Have you ever read an article which seems like it was written specifically to get a rise out of you, and perhaps you alone? Via Lawyers, Guns, and Money, we have an article from the New York Times Magazine which concerns the development of herbicide resistance in a common weed:
A farmer in Kansas, Nicolet had plnned his season around the herbicide, planting his fields with soybeans that were genetically modified to survive being showered with the chemical. He was well aware of dicamba’s tendency to vaporize and drift from field to field, causing damage to crops and threatening nearby wildlife and trees, but he didn’t feel as if he had much of a choice: Dicamba was one of the last tools that provided some control over Palmer amaranth, an aggressive weed that would quickly go on to choke out his sorghum crop — and that threatened to overtake his soybeans too. “There was a little bit of a moment of panic there for a few hours,” Nicolet said; he was worried that a season without dicamba would mean devastation for his farm.
If there’s a plant perfectly suited to outcompete the farmers, researchers and chemical companies that collectively define industrial American agriculture, it’s Palmer amaranth. This pigweed (a catchall term that includes some plants in the amaranth family) can re-root itself after being yanked from the ground. It can grow three inches a day. And it has evolved resistance to many of the most common weed killers, continuing to reproduce in what ought to be the worst of circumstances: A three-day-old, herbicide-injured seedling, for example, can expend its last bit of energy to produce seeds before it withers up and dies. Unchecked, Palmer amaranth can suppress soybean yields by nearly 80 percent and corn yields by about 90 percent.

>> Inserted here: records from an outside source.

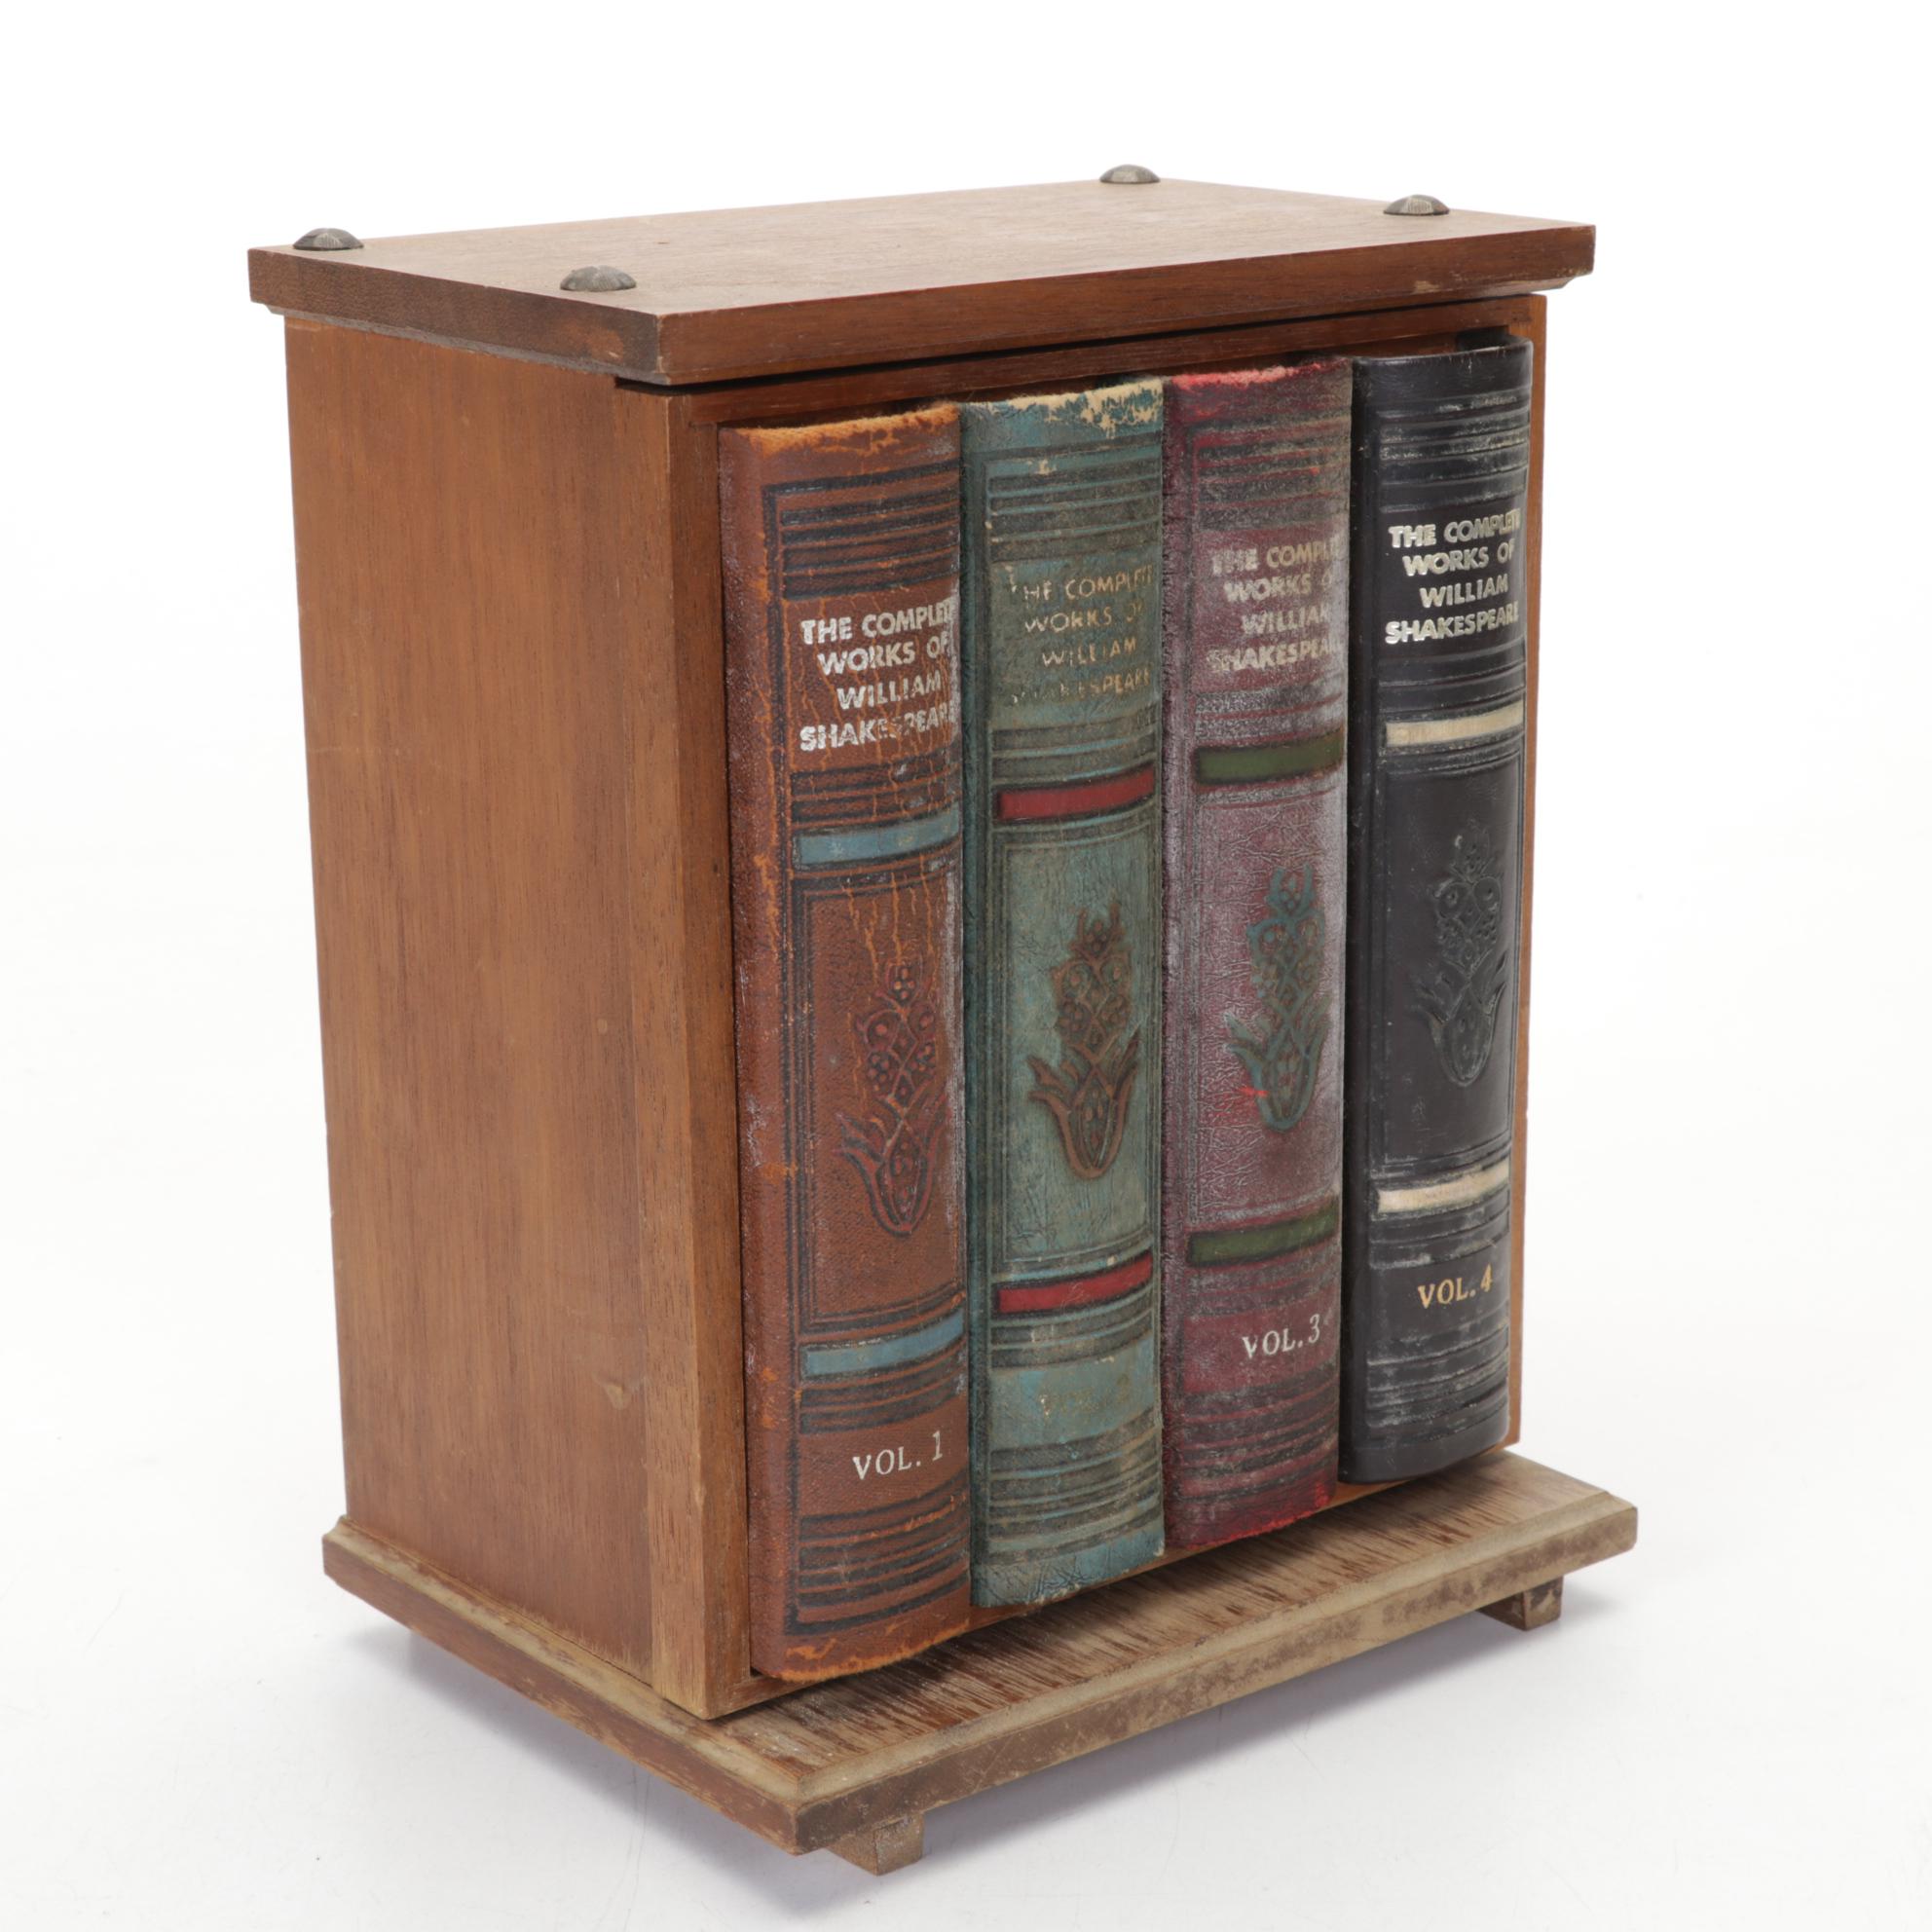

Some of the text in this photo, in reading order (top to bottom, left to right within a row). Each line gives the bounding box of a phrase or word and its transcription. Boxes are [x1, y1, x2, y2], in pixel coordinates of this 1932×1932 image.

[1388, 524, 1436, 548] THE
[1211, 548, 1258, 576] THE
[1402, 538, 1515, 576] WORKS OF
[1223, 573, 1311, 603] WORKS
[1419, 574, 1508, 609] WILLIAM
[800, 616, 853, 645] THE
[1385, 601, 1519, 644] SHAKESPEARE
[817, 641, 916, 676] WORKS
[1042, 636, 1136, 667] WILLIAM
[836, 669, 942, 710] WILLIAM

This topic pushes my buttons because it involves one of my obsessions, the use of herbicides to kill useful plants... Palmer amaranth is edible, leaves, stems and seeds. It is somewhat toxic to livestock, though, which is one reason farmers might hate it. Amaranth varieties were a staple among the Aztecs, and high end amaranth flour is available.
The go-to guy for eating the weeds is Green Dean, who's mantra is 'Eat the Weeds':
Of course, a weed is a plant growing somewhere it isn't wanted, so the problem is that Palmer amaranth is unwanted, utility be damned. In the comments, my favorite misanthrope, M. Bouffant, posted his typical misanthropy:
You can all yak until you're blue in the face, but the only problem actually confronting this planet is seven billion idiot primates on the loose, who seem to think they have some "right" to eat everything. Until y'all face up to the necessity of sterilizing your entire species it's just gum flapping & misdirected outrage.

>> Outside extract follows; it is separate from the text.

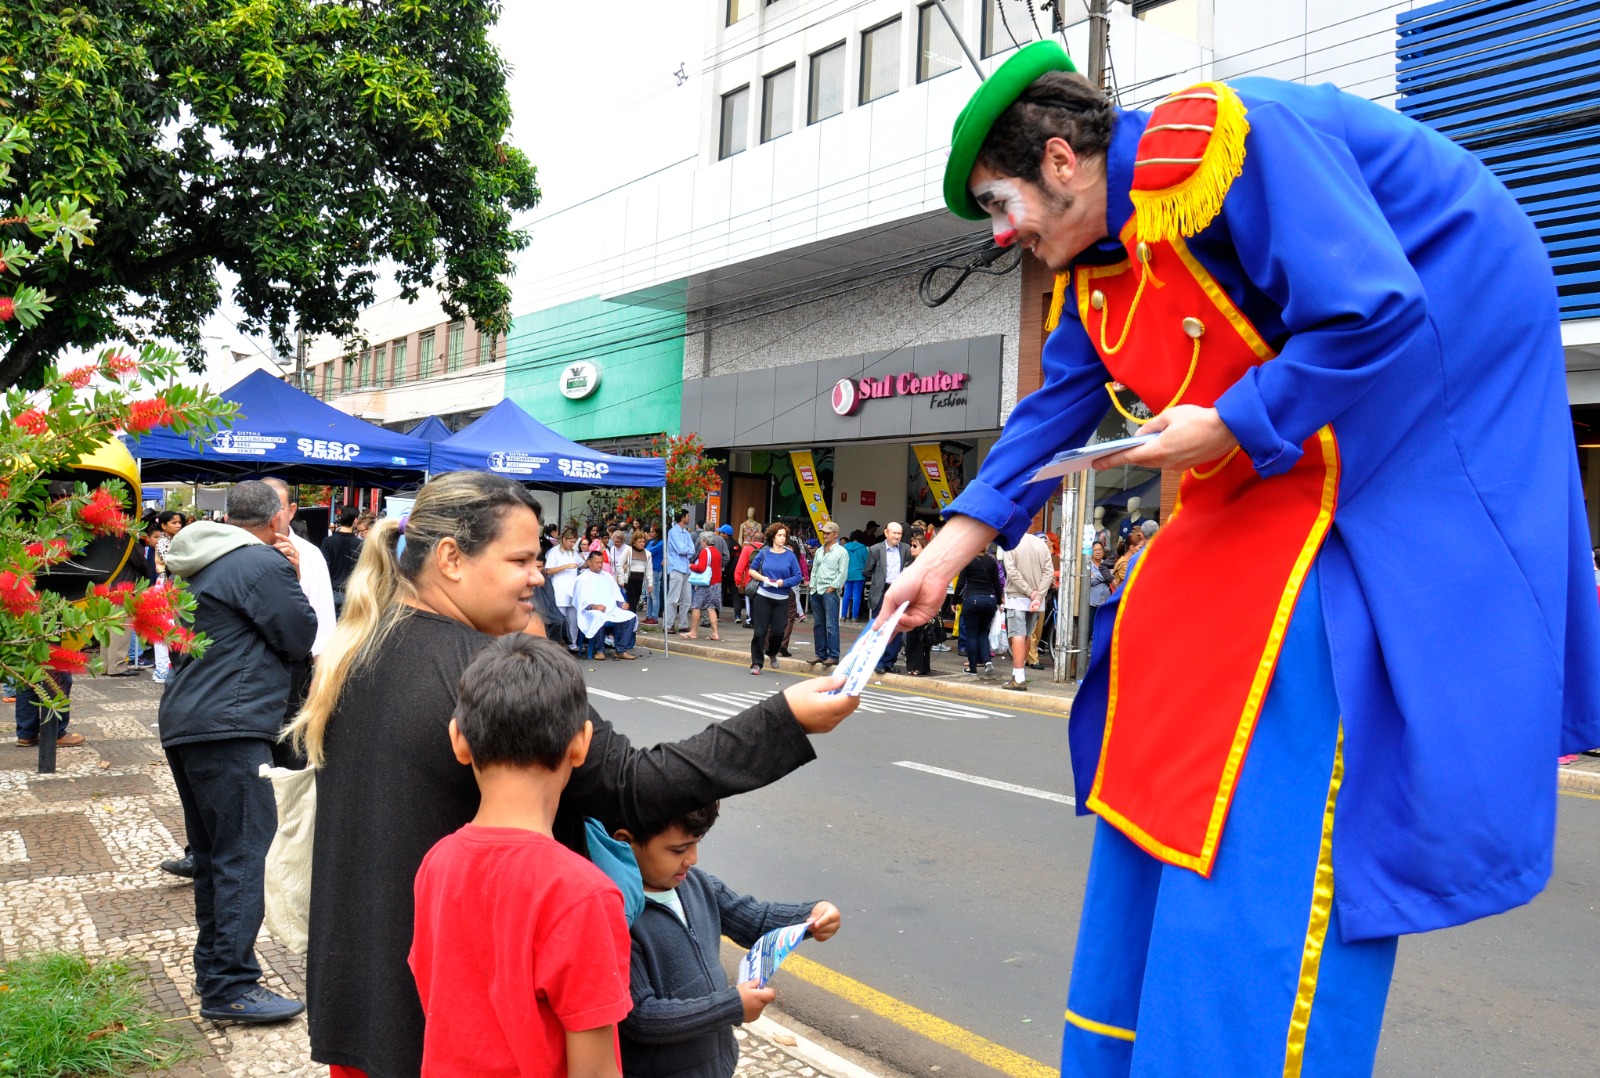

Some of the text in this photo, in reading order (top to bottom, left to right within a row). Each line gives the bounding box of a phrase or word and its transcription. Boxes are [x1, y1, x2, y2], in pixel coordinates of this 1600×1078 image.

[859, 370, 967, 400] Sul Center
[930, 394, 967, 409] Fashion
[297, 438, 360, 457] SESC
[557, 458, 610, 475] SESC

The problem is that we don't eat everything, there are plenty of plants we have forgotten to eat.
3 comments:
I was wondering if someone else would notice. Amaranth, like hemp, is a wonder plant.
Not a weed ...
I'm also a big fan of chenopods. The same people dumping roundup on the lambs quarters in their yard are paying top dollar at Whole Foods for quinoa.
The same old freak out. It's an amaranth, they grow in disturbed places. I think this problem is something some people created and the plants are too stubborn to give up.

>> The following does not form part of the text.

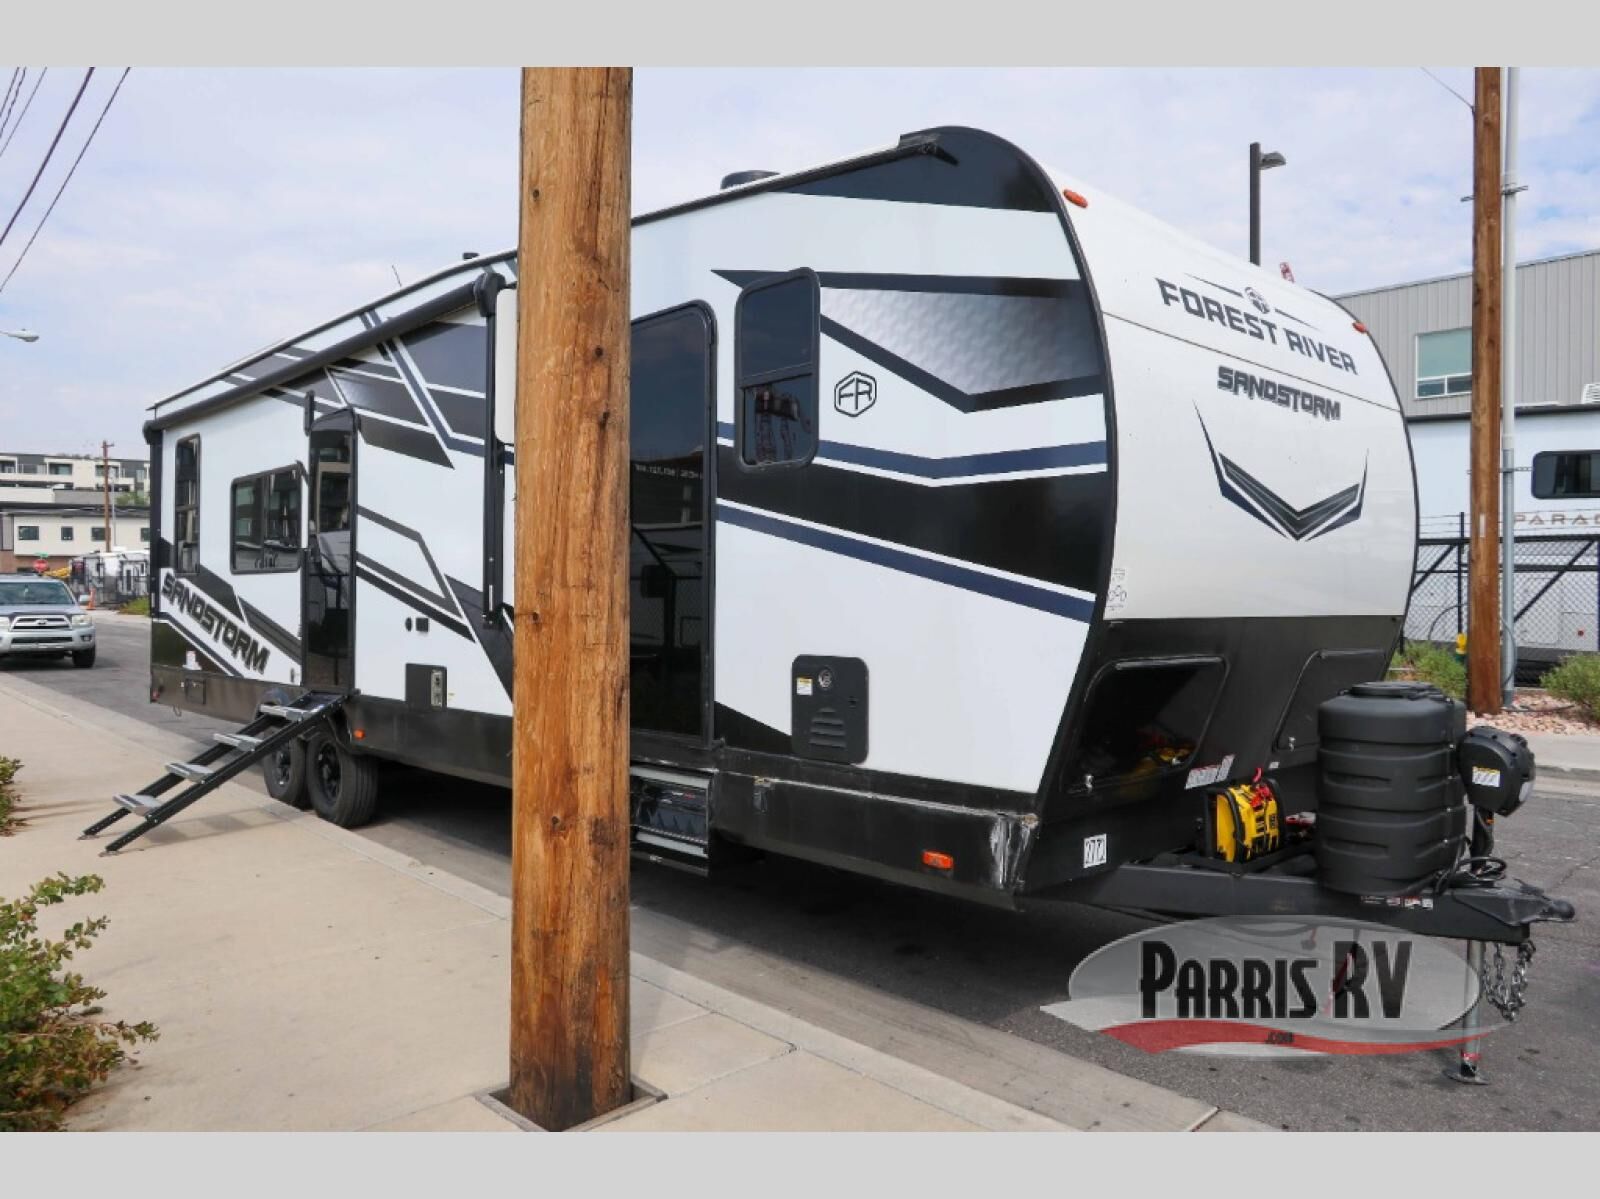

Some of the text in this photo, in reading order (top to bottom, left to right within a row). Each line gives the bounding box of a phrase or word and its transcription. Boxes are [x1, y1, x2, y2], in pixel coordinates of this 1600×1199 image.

[1155, 277, 1359, 376] FOREST RIVER
[1217, 365, 1341, 421] SANDSTORM
[162, 571, 271, 676] SANDSTORM

So they spray poison everywhere and kill everything else.
But the amaranth will find a way.
My favorite ones that i have grown are A.cruentus "Hopi Red Dye" because it is so beautiful and one of the best. I sure love them and they volunteered around here for a few years until they got called weeds.
One time we were tasked to pull weeds and i asked my friend Como Se llama esta hierba
La Mano de Eva.
Anyway, there's lots of good Amaranths to grow. There are hundreds of varieties and i think they are a project.
So you can try to grow some.
Ok this palmers amaranth might not be the best cultivar, but what are we to do?